All I know is that last year at this time, I was just over four months pregnant and couldn't wait to treat my changing body as a blank canvas, dressing it in a new maternity wardrobe. I was really excited for my totally legitimate excuse to go on a shopping spree and drove to the Galleria multiple times to try on clothes with the fake bump at Gap Maternity as well as online-shopped for hours to see what was available. I eventually bought plenty of clothes, some of which I wore over and over again throughout my entire pregnancy and loved and others that I barely wore at all. Thinking back on the pieces I wore the most and felt the most comfortable and stylish in, I came up with three tips that I wish I would have known before to save both time and money. I am writing them now not only to (hopefully) help out some newly pregnant women but also to preserve them as reminders for myself if I am ever blessed to get pregnant again.
ONE// Take it slow.
- You probably already have a lot of maternity clothes even if you have never been pregnant before. They are in your closet and your dresser. Those flowy blouses and sweaters and dresses with 5% spandex that you already own will work wonders. I wore many of my normal-size sweaters and t-shirts right up to the very end, and after a normal wash and dry, they still fit me today. (It might help that I have about five pesky pregnancy pounds still to lose.)

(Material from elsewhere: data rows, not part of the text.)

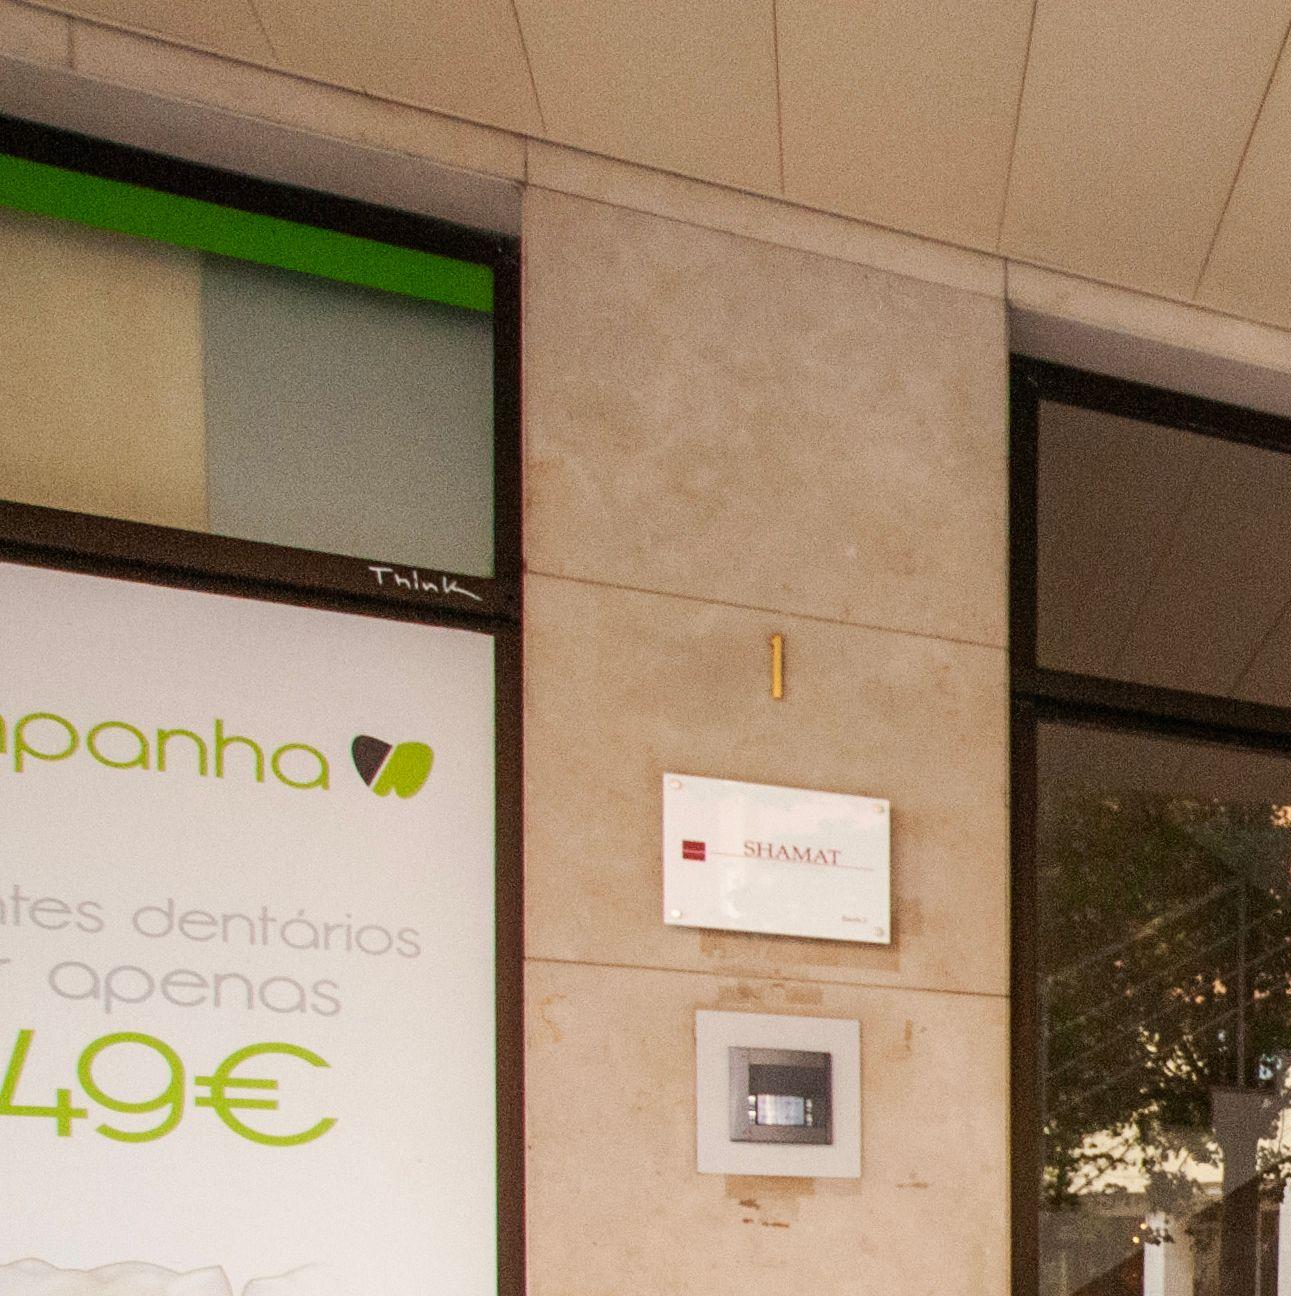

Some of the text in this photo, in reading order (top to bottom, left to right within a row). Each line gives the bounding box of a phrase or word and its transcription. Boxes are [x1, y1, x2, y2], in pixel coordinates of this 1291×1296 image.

[0, 712, 330, 791] panha
[743, 840, 842, 865] SHAMAT
[132, 897, 422, 959] dentários
[49, 960, 342, 1018] apenas
[0, 1028, 339, 1148] 49€

- Also, take it slow because all those tips you read (including the following two) might not work for you and your body just because they worked well for me or the other woman who wrote them. Just because your best friend or sister loved the Bella Band or full panel pants, doesn't mean that you necessarily will.

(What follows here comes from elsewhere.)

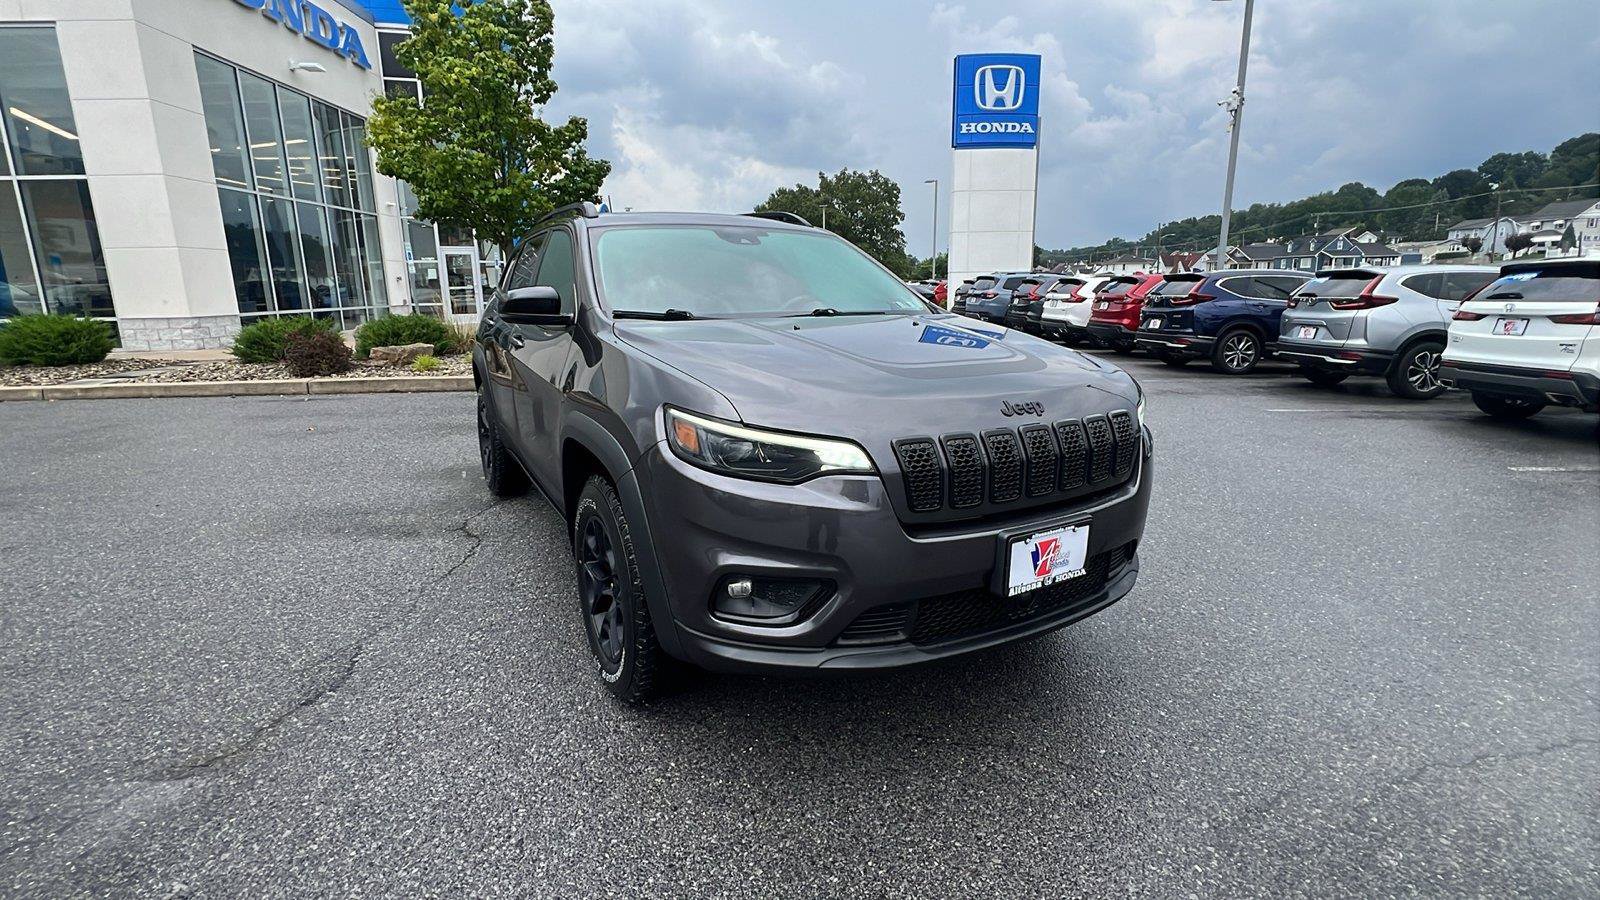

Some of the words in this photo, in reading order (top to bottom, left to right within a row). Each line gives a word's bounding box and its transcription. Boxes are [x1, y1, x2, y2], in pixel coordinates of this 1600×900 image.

- Buy one or two things that you think will work. Wear them around the house with the tags still on. Sit, stand, and walk up and down your stairs before you commit to an item. Once you commit to the item, take off the tags and wear it out and about before you buy more from that particular store or brand.
- And don't feel bad about returning things. You will never have returned more things than me. I promise.

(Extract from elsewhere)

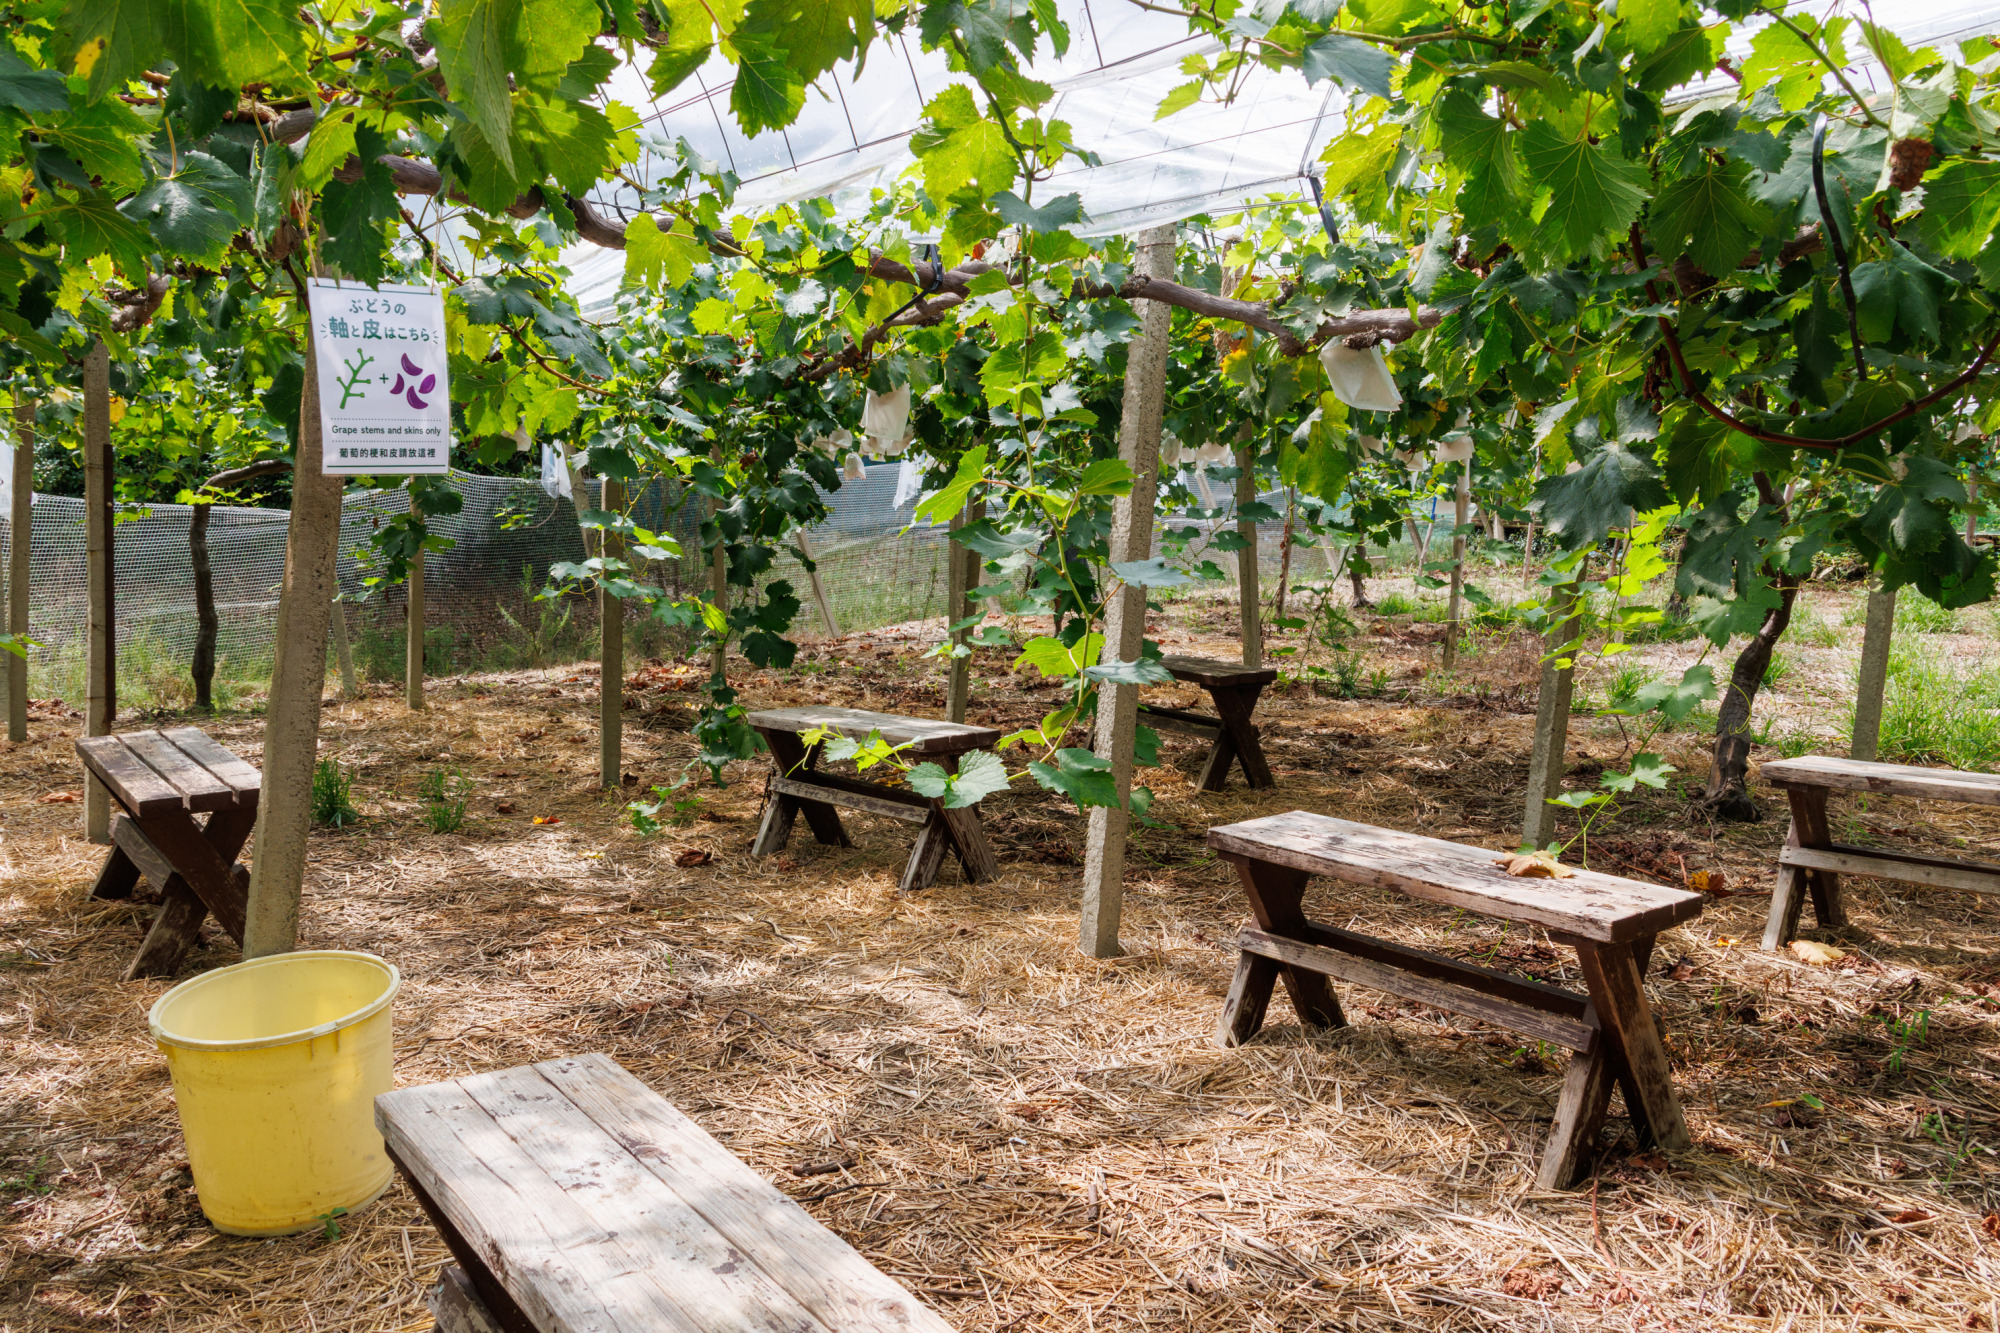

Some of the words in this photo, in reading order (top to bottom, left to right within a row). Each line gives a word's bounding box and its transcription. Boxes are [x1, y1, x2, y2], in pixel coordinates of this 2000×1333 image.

TWO// Invest in a few good pairs of pants.
- Look at what pants you already wear and invest in a maternity version of that. For me that was a pair of black and dark blue skinny jeans, ponte leggings, grey dress pants, and black dress pants. My favorite maternity pants were all from LOFT. Their pants had the most comfortable bands and were truly better quality than anything from a maternity store or Gap or Target Maternity.
- If you can wait a week or two, LOFT will eventually have a sale, so I would suggest signing up for the emails or checking back on the website frequently and wait for the sale if you can.
- If I couldn't go to the actual store to try on pants, I ordered them in more than one size so that I could check them out at home before choosing the best size. If you wait for a sale and get free shipping, it won't seem so bad when you have to pay to ship some returns back.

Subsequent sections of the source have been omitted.